The brand positioning lacks clarity. Perigold is clearly considered luxury. AllModern, Birch Lane, and Joss & Main appear to staddle both luxury and mass. Wayfair brand straddles all three, luxury, mass, and economy. It also boasts an additional 12 specialty private label brands (including Kelly Clarkson) that cross nine different style categories.

This “more is better” approach to brand architecture is very old-school. It’s been shown time and again to impair rather than promote decision-making and complicate operations. Additionally, these issues could well be contributing to Wayfair’s bleeding bottom line. But wait there’s more! We’ve not even addressed Wayfair’s online third-party sellers, boasting over 5,000 brands, and selling over 33 million products from 23,000 distributors.

Wayfair enters the “digital-to-phygital” realm with much muddy water under the bridge. Digital-native retailers like Bonobos, Warby Parker, Casper, Allbirds, et al., have indeed demonstrated a synergy between online and offline retail. But the offline move for these and other digital natives has been a very bumpy ride, like off-roading, Baja-style. 

Moreover, comparing Wayfair to these vertically integrated digital natives is like comparing apples to artichokes. Besides Wayfair’s plethora of private brands, being a third-party marketplace gives them little control over their supply chain. 

Amazon is the prime example of how difficult it can be (or was) for a third-party ecommerce marketplace to become channel agnostic. We have all witnessed the “big dog marketplace” open stores, dozens of them, only to close them all. And it wasn’t without spending boatloads of money, something Wayfair lacks.

It’s also worth noting that comparing the returns management between Amazon and Wayfair is more apples and artichokes. Sending a book, dress, or kitchen spatula back to Amazon is rather rudimentary. Returning the wrong color living room sofa, or one that accidentally fell out of the delivery truck to Wayfair is something else, entirely.

Nothing Unified About One Flagship

Throughout my four-decade career as a retail planner, designer and trend forecaster my firm was responsible for the planning and design of numerous prototype and flagship stores. Given this history and my recent deep dive into “the Wayfair Way” I had certain preconceptions of what Wayfair’s flagship store might look like. I was wrong.

While the design of the Wilmette store is exceptional, the mission given to the design group feels like “putting the internet of all things home related into a box.” They did that well. But I question the veracity of that mission.

I’m a huge proponent of unified commerce and was beating that drum back at the turn of the millennium. However, in an era of unified commerce, the actual in-store experience should augment, not replicate the online offering. And given Wayfair’s need to shine a high-lumen light on its profitable differentiated products and exclusive brands, the in-store representation of those high-margin brands felt like an afterthought at best.

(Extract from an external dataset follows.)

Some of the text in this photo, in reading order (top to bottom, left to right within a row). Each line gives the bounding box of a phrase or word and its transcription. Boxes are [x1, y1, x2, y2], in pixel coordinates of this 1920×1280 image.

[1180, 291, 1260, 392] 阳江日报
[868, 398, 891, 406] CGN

There was a far greater representation of major national brands and commodity offerings. 

The store’s “all things to all people” approach feels like the reincarnation of Home Depot EXPO, which did not end well.  Lululemon’s former CEO and founder Chip Wilson said in early 2024, “I think the definition of a brand is that you’re not everything to everybody.” Put another way, Steve Jobs used to say, “What we don’t do is as important as what we will do.”

Experiencing the Wayborhood

Central to the store’s design was the creation of “The Wayborhood,” featuring 19 departments with themed neighborhoods. However, rather than highlighting Wayfair’s differentiated, private label brands, shoppers are confronted with a plethora of national brands, reflecting the inventory of multiple big box retailers and specialized ecommerce sites.

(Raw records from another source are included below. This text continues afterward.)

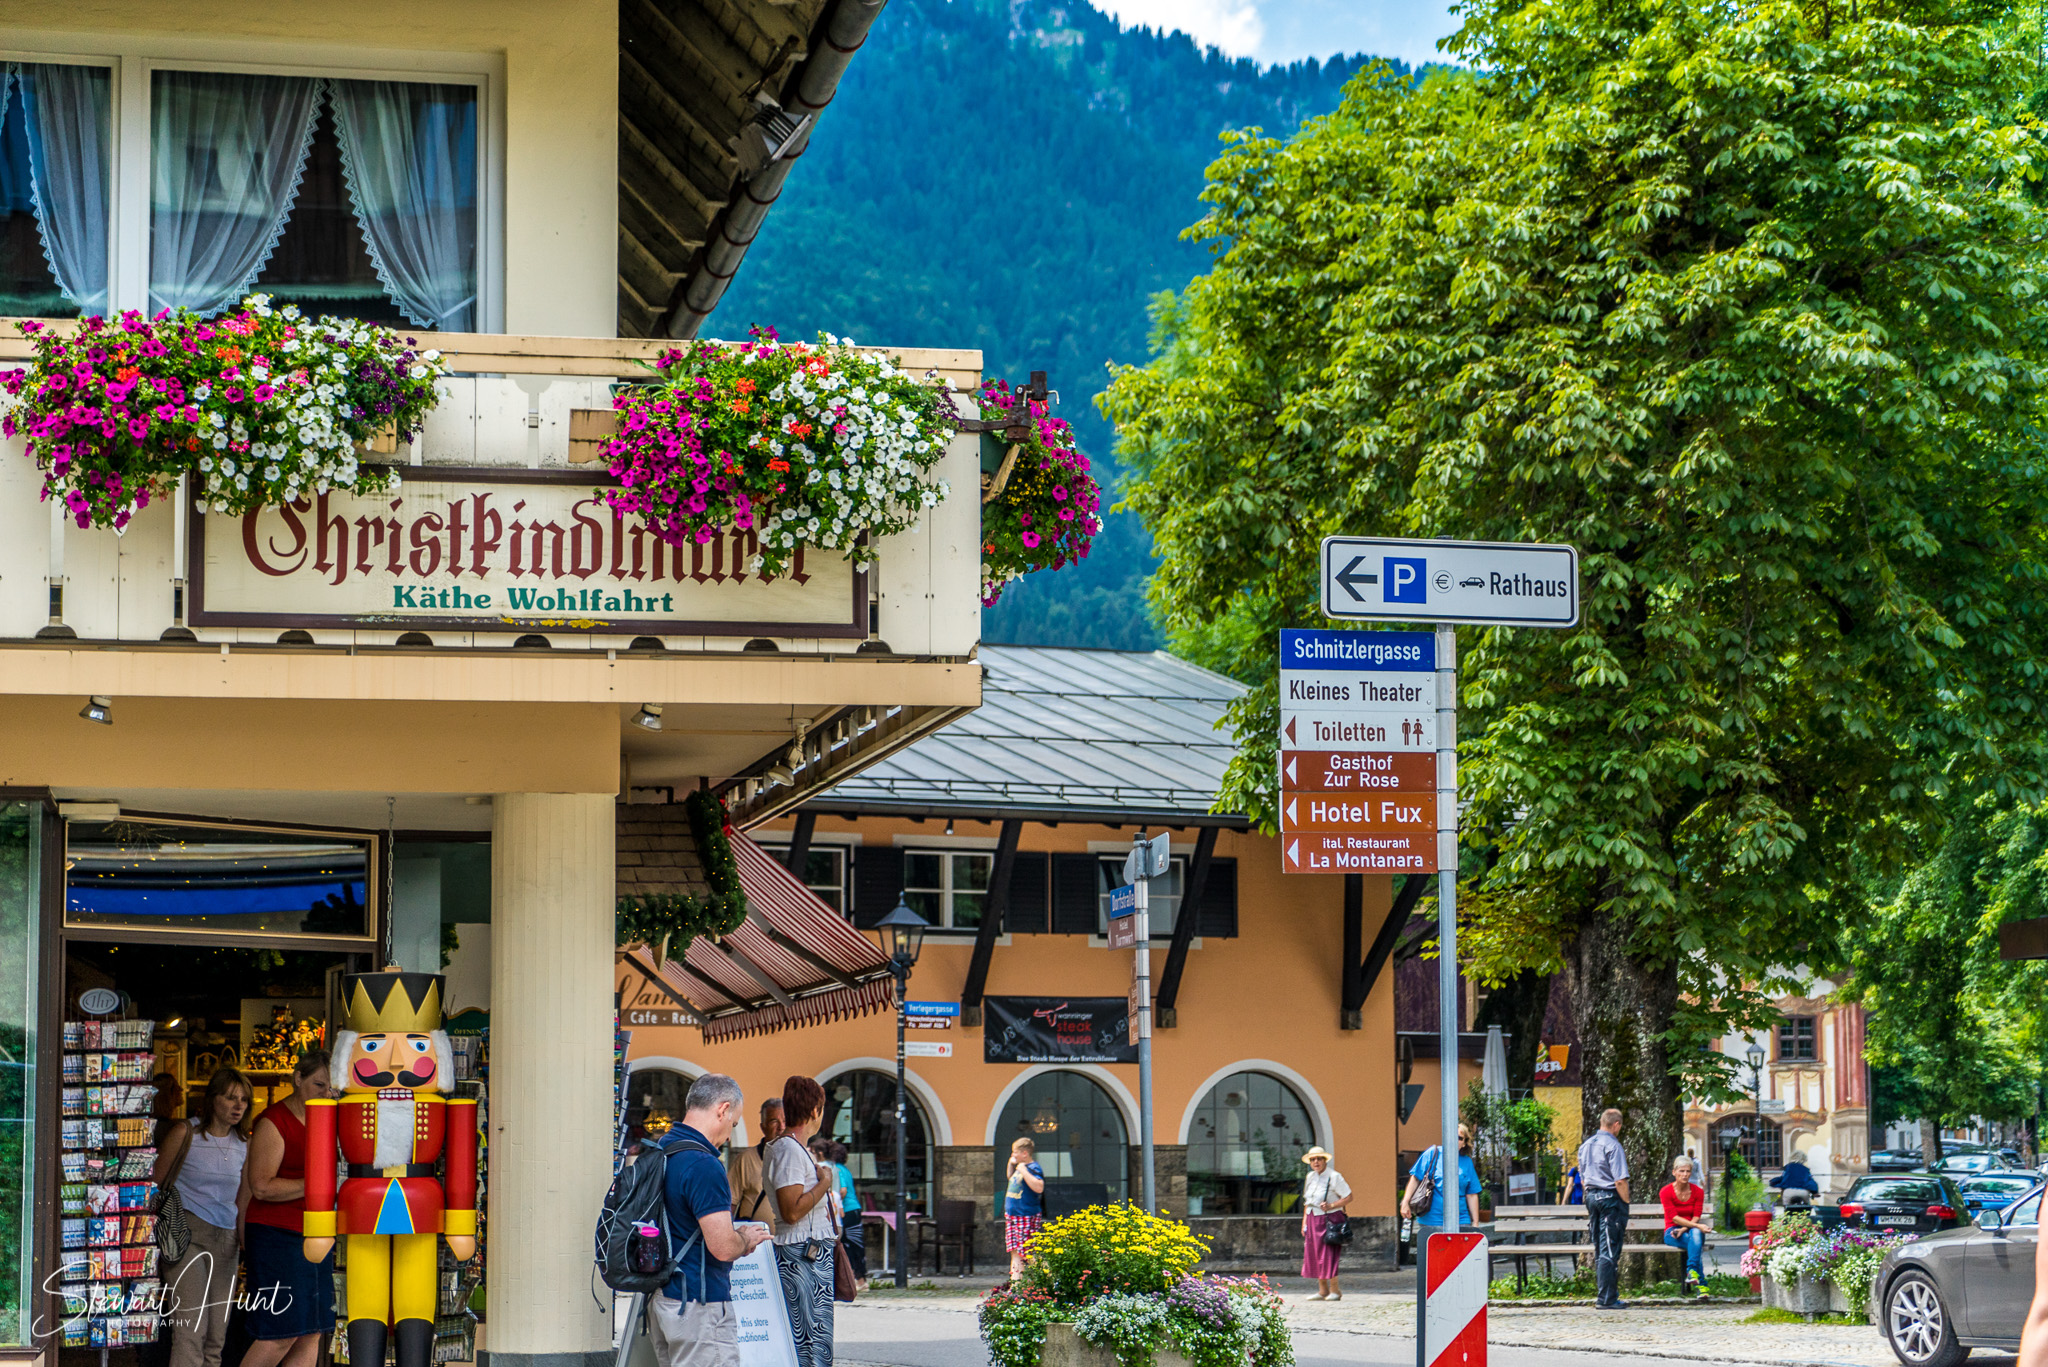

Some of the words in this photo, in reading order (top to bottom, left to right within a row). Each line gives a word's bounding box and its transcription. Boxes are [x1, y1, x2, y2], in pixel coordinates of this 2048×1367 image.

[1393, 563, 1416, 597] P
[1490, 572, 1567, 598] Rathaus
[393, 585, 493, 610] Käthe
[507, 588, 674, 613] Wohlfahrt
[1294, 638, 1421, 664] Schnitzlergasse
[1289, 680, 1350, 701] Kleines
[1359, 681, 1422, 702] Theater
[1312, 721, 1386, 743] Toiletten
[1330, 755, 1393, 771] Gasthof
[1323, 772, 1352, 787] Zur
[1359, 772, 1400, 788] Rose
[1311, 802, 1371, 823] Hotel
[1381, 802, 1422, 823] Fux
[1322, 837, 1344, 849] ital.
[1347, 838, 1410, 849] Restaurant
[1310, 853, 1330, 868] La
[1336, 852, 1424, 868] Montanara
[630, 1010, 658, 1024] Cafe
[1056, 1021, 1092, 1032] steak
[1056, 1034, 1092, 1045] house
[731, 1274, 764, 1289] angenehm
[741, 1317, 753, 1327] this
[754, 1318, 769, 1327] store
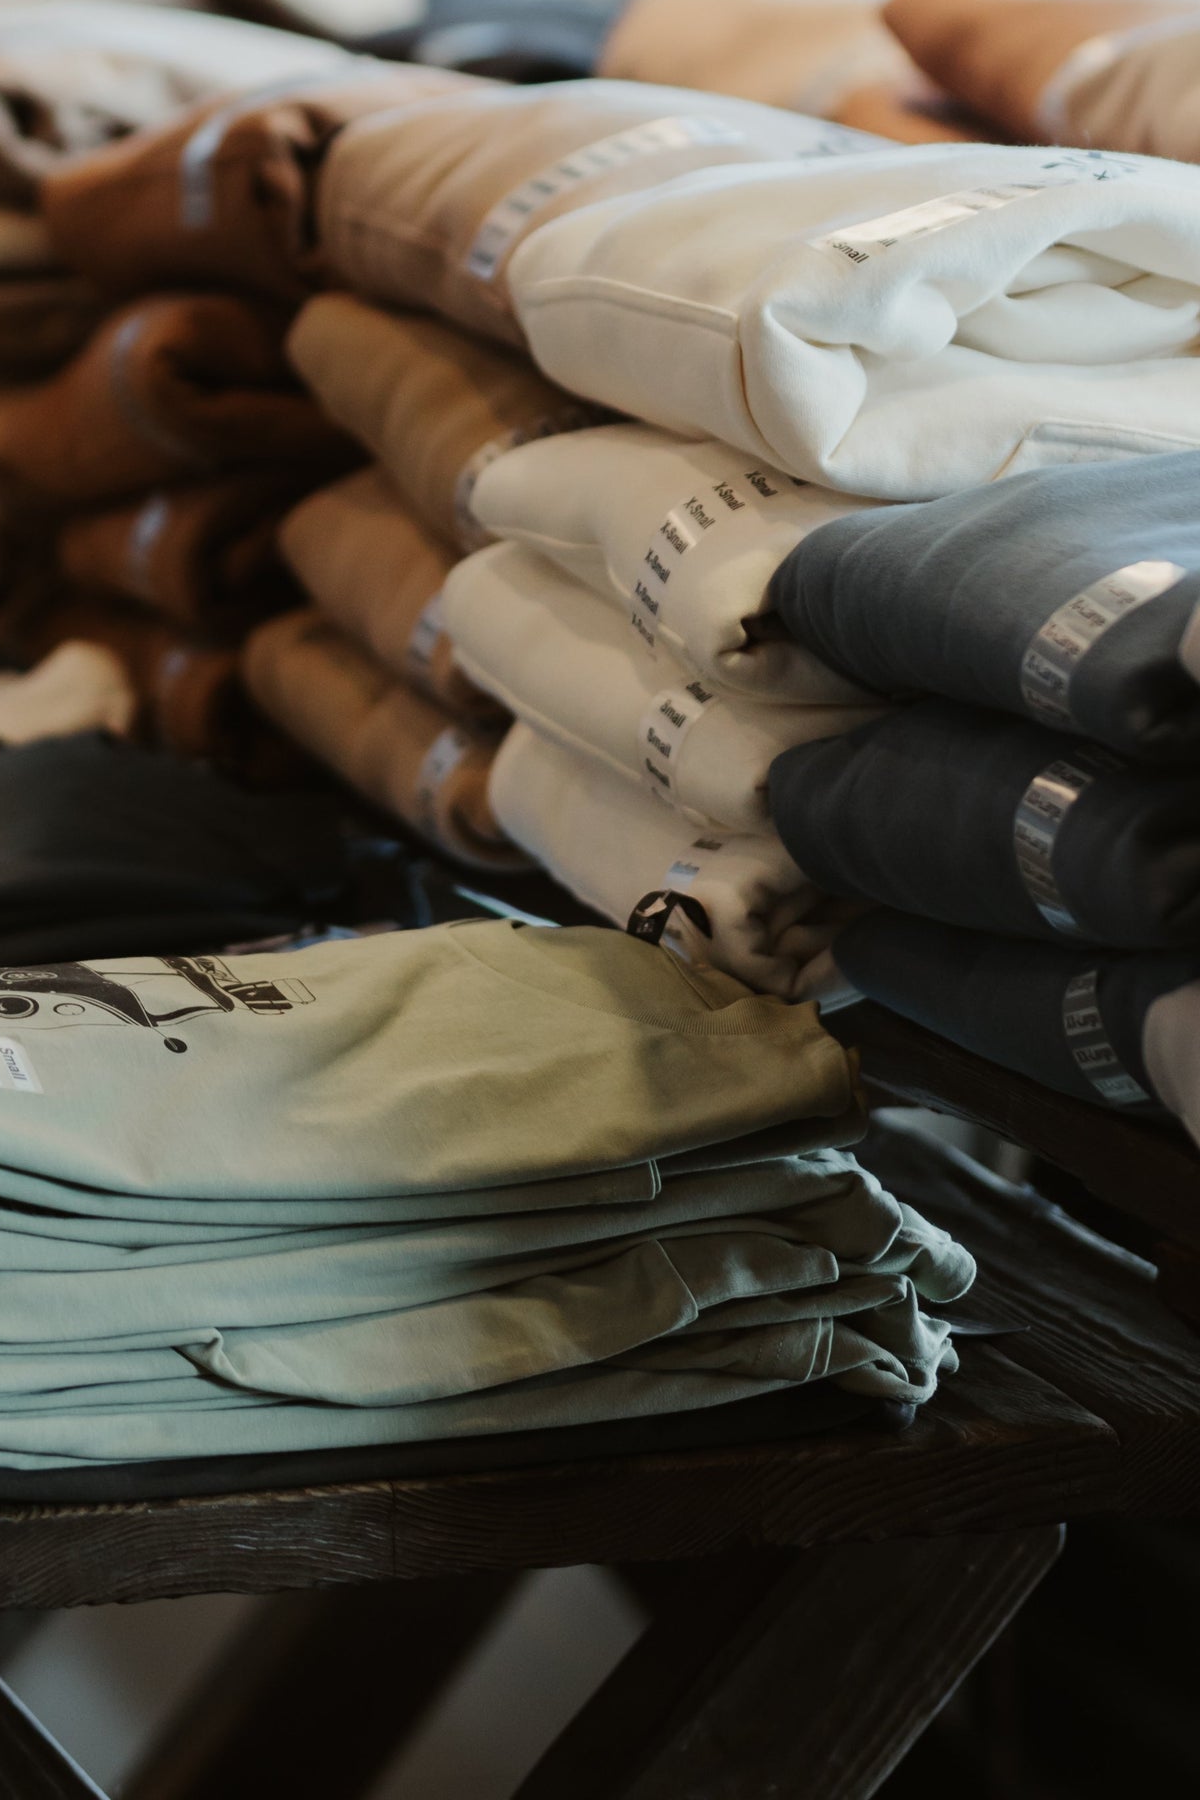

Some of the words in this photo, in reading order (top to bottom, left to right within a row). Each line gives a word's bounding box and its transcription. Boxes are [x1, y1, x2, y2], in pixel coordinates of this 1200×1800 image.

[712, 481, 745, 511] X-Small
[684, 496, 716, 530] X-Small
[659, 519, 688, 555] X-Small
[659, 698, 687, 728] Small
[646, 727, 672, 759] Small
[0, 1047, 27, 1081] Small

This includes core categories and offerings seen at Ikea (kitchen, bath, lighting fixtures); Best Buy (major kitchen appliances); as well as Lowe’s and Home Depot (plumbing fixtures, lighting, tile, patio and grills).

That said, Wayfair has done a far superior job in the curation, impeccable organization, and display design over any of the big boxes. Also impressive are the digital price labels equipped with QR codes to enable customers to access detailed information. This was leading-edge stuff.

Like Ikea, Wayfair features fully staged rooms to amplify styles and lifestyle themes. But Wayfair feels less “immersive” by comparison. Rather than leaning into Ikea’s “pathway-past-everything,” Wayfair promotes a “choose one’s own adventure.” While the store has the expected wayfinding signage, the Wayfair layout provides few clues as to how to “shop” the store.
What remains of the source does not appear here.